# Joinery options for outdoor cedar table



## ol104 (Dec 7, 2012)

Hello all - a couple weeks ago, we had a decent wind storm that decided to lift up our patio table and deposit it onto the other side of our backyard.

Honestly i was not saddened by this since the wife bought it at a yard sale for $20 probably 7 years ago. Money well spent but definitely time to upgrade.

I am making the new table out of air dried cedar purchased from my local wood supplier (i.e. guy with a portable sawmill and a huge yard to air dry the lumber in).

Basic plan is to go with thick legs (3.5" x 3.5") and then true 1" x 4" stretchers at the top. I would prefer to not have any type of stretchers or bracing at the bottom of table for aethetics and so it is easy to get chairs in and out of...wanting a clean, modern look with no joinery showing.

I believe M&T joints will be the strongest, but i am pretty inexperienced at them and would hate to ruin the lumber on sloppy work $$. Do you guys think titebondIII and bluekote Kreg pockets screws will be sufficient? The wife gave a subtle hint that she wants the table done by our 4th of July cookout...
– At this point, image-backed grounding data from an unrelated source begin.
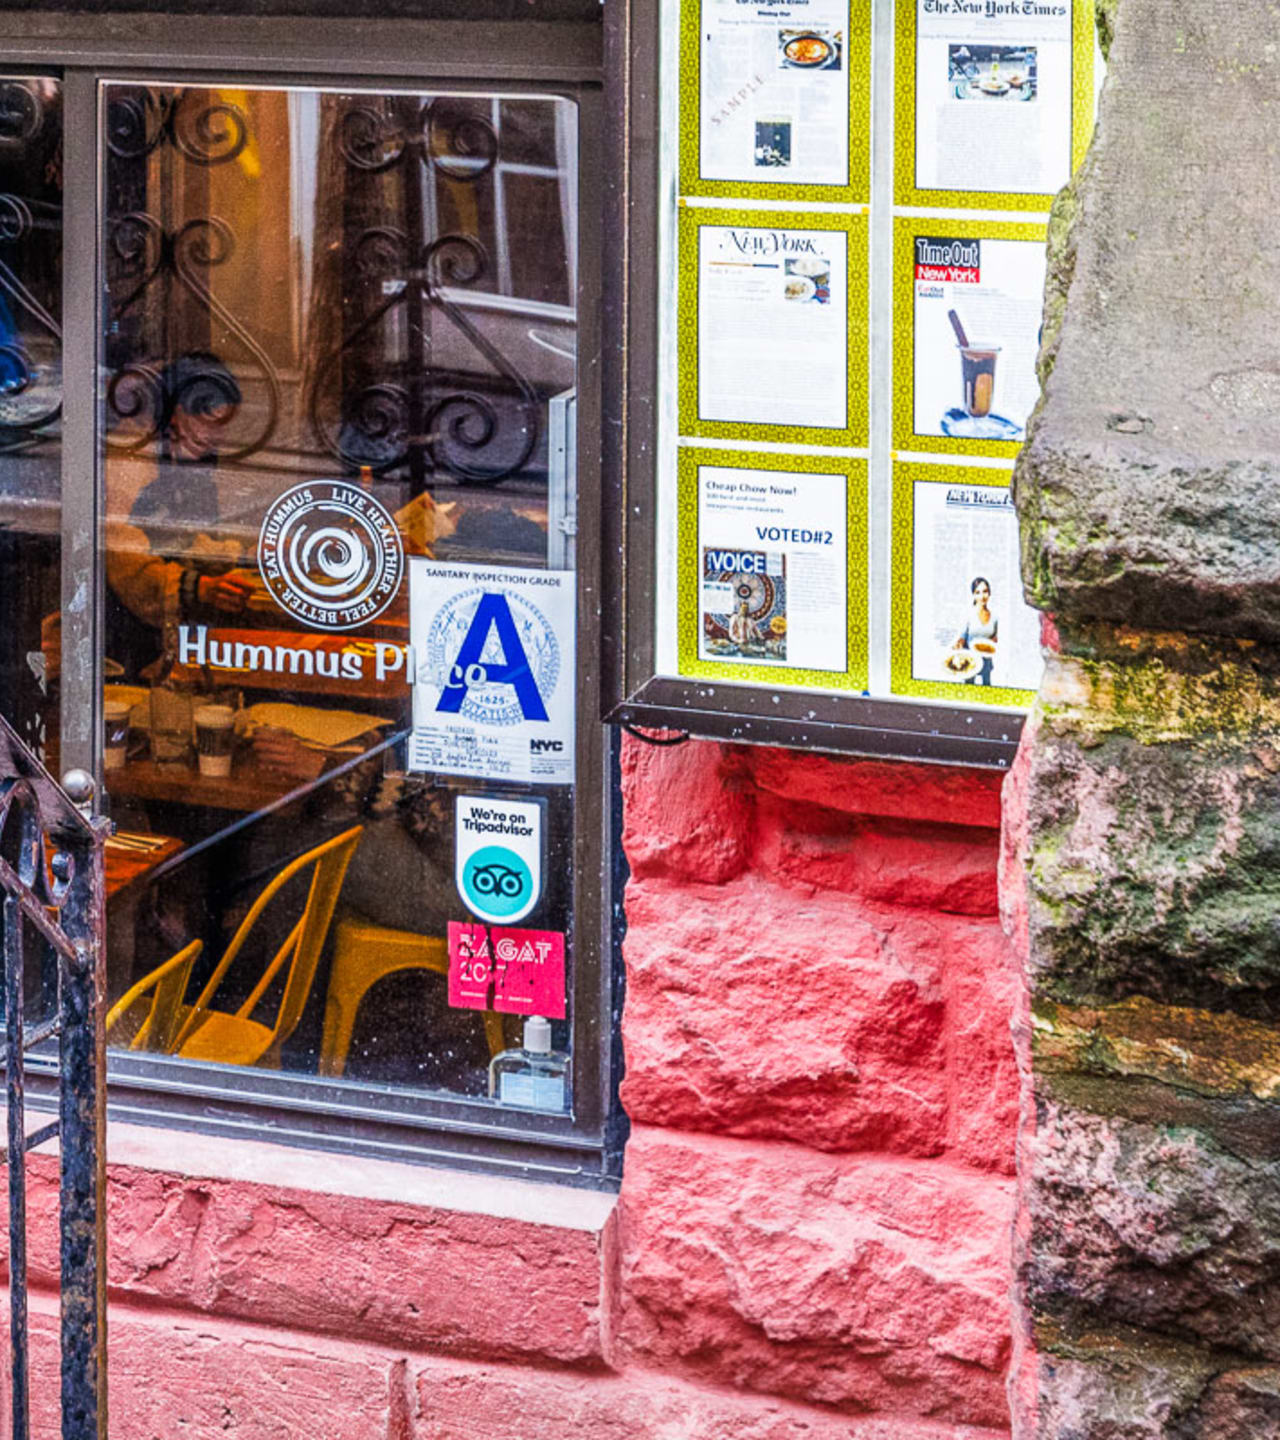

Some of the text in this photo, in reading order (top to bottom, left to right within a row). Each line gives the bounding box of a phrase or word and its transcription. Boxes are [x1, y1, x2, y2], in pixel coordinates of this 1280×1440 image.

[951, 0, 983, 13] New
[984, 0, 1020, 18] York
[1021, 0, 1067, 16] Times
[763, 232, 820, 256] YORK
[916, 238, 979, 268] Time Out
[918, 266, 977, 283] New York
[705, 481, 797, 496] Cheap Chow Now!
[263, 489, 314, 579] EAT HUMMUS
[332, 488, 398, 594] LIVE HEALTHIER
[756, 526, 833, 545] VOTED#2
[712, 551, 765, 573] VOICE
[426, 568, 561, 587] SANITARY INSPECTION GRADE
[282, 588, 377, 624] FEEL BETTER
[178, 625, 363, 680] Hummus
[435, 593, 550, 722] A
[530, 738, 564, 752] NYC
[470, 807, 527, 824] We're on
[462, 818, 534, 837] Tripadvisor
[460, 962, 507, 984] 207
any suggestions are appreciated...


----------



## AJH (Apr 11, 2013)

I think you will need more than pocket screws for a long last table that doesn't wobble.It may be okay for the first year.How about those corner brackets that attach the stretchers to the legs under the corners and pocket screws?
You could always add a center stretcher later if you just use the mechanical fasteners.C
I make a fair amount of outdoor stuff from cypress what did you get white of red?


----------



## BZawat (Sep 21, 2012)

I'd use mortise and tenons, especially outdoors man. Pocket screws are not gonna hold up in that application. Pick up some cheap framing lumber and practice a couple M&T's. it's really not that hard once you get the hang of it.


----------



## ryan50hrl (Jun 30, 2012)

I don't think I agree that pocket screws won't hold up.....properly placed, with enough of them they would likely be ok, however I agree there are better options. M&T would be my preference, but dowelled joints would be another option. Or just get a festool domino. Lol


----------



## ol104 (Dec 7, 2012)

Thanks for the suggestions guys. I have some pretty decent size leg cutoffs that I will practice my M&T technique. I have also thought about trying to borrow a Domino from someone at my local woodworker club but don't know him that well and not sure I would let a stranger borrow a $900 piece of equipment.
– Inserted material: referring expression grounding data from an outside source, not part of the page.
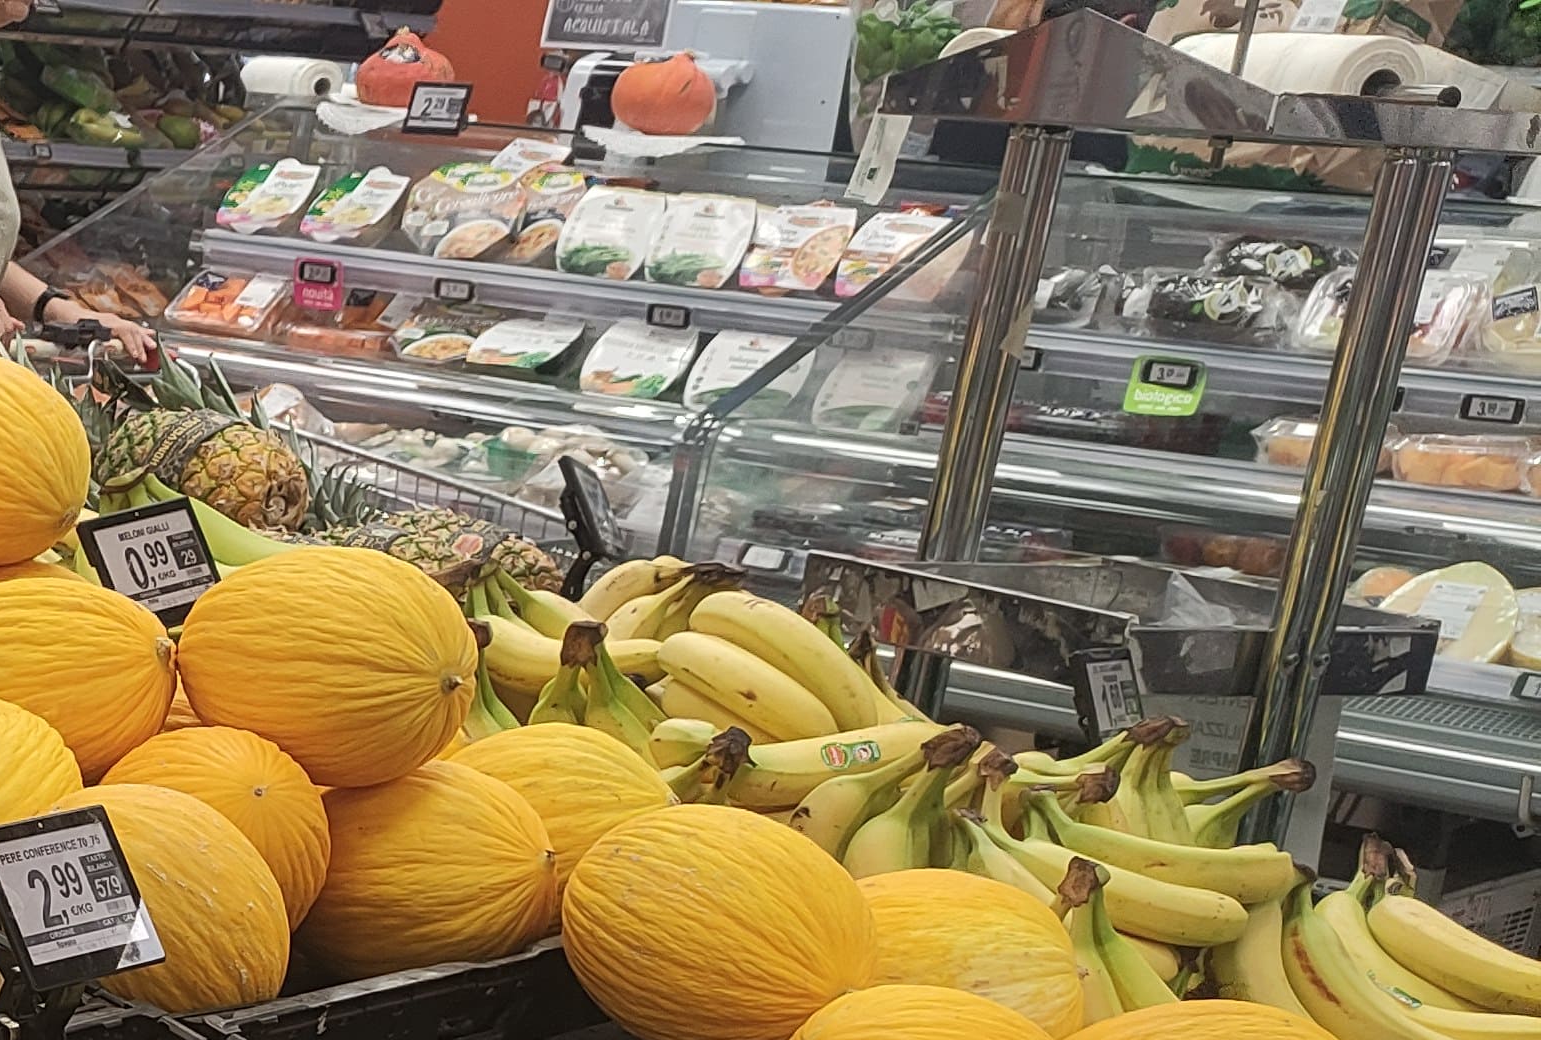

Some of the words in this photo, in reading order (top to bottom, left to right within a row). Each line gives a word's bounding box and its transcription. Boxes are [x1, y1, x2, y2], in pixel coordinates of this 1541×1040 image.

[1134, 388, 1194, 406] biologico
[180, 549, 198, 566] 29
[0, 850, 23, 866] PERE
[23, 838, 77, 860] CONFERENCE
[94, 874, 123, 898] 579
There is actually going to be a decent amount of cross bracing going on between the stretchers. I have attached (hopefully) a picture of what I want the top design to look like. The only way I can determine to get that design is to have a number of cross braces underneath the table to attached the top pieces to.

I am thinking that with the amount of cross bracing, the pocket screws and glue may be okay but I am going to get some M&T mockups practiced before making the final decision...

anyone have thoughts on how to get this table top design while keeping all fasteners underneath??


----------



## bzguy (Jul 11, 2011)

Sketch of method taught to me.
Brace is screwed and glued, 45 kerf in center of bracket done with dado tilted over.
Brace is same width as apron, kerf drawn too deep in sketch but you get the idea.


----------



## BZawat (Sep 21, 2012)

The way those boards are spaced, it would appear to me that they are attached to some type of substrate. Not how I would do it, but that's what the pic looks like to me. I would use regular old glue lam joints on the 4 sections of parallel boards, and make the butt joints with a full hardwood spline & glue. Then seal the crap out of it and pray it doesn't move lol


----------



## Wema826 (Jul 22, 2012)

ol104 said:


> Thanks for the suggestions guys. I have some pretty decent size leg cutoffs that I will practice my M&T technique. I have also thought about trying to borrow a Domino from someone at my local woodworker club but don't know him that well and not sure I would let a stranger borrow a $900 piece of equipment.
> 
> There is actually going to be a decent amount of cross bracing going on between the stretchers. I have attached (hopefully) a picture of what I want the top design to look like. The only way I can determine to get that design is to have a number of cross braces underneath the table to attached the top pieces to.
> 
> ...


personally, here is where I would think the pocket screws would be beneficial. I would think that several stringers under the top in a grid work would be an option. I would think If you can get 3 screws per top board you would be ok, Since it is an out door table it will be exposed to the elements and you will have movement. the spacing and the screws would allow for this.

for the aprons and legs. I would think M&T with honched (sp) tenons would be a good paring.


----------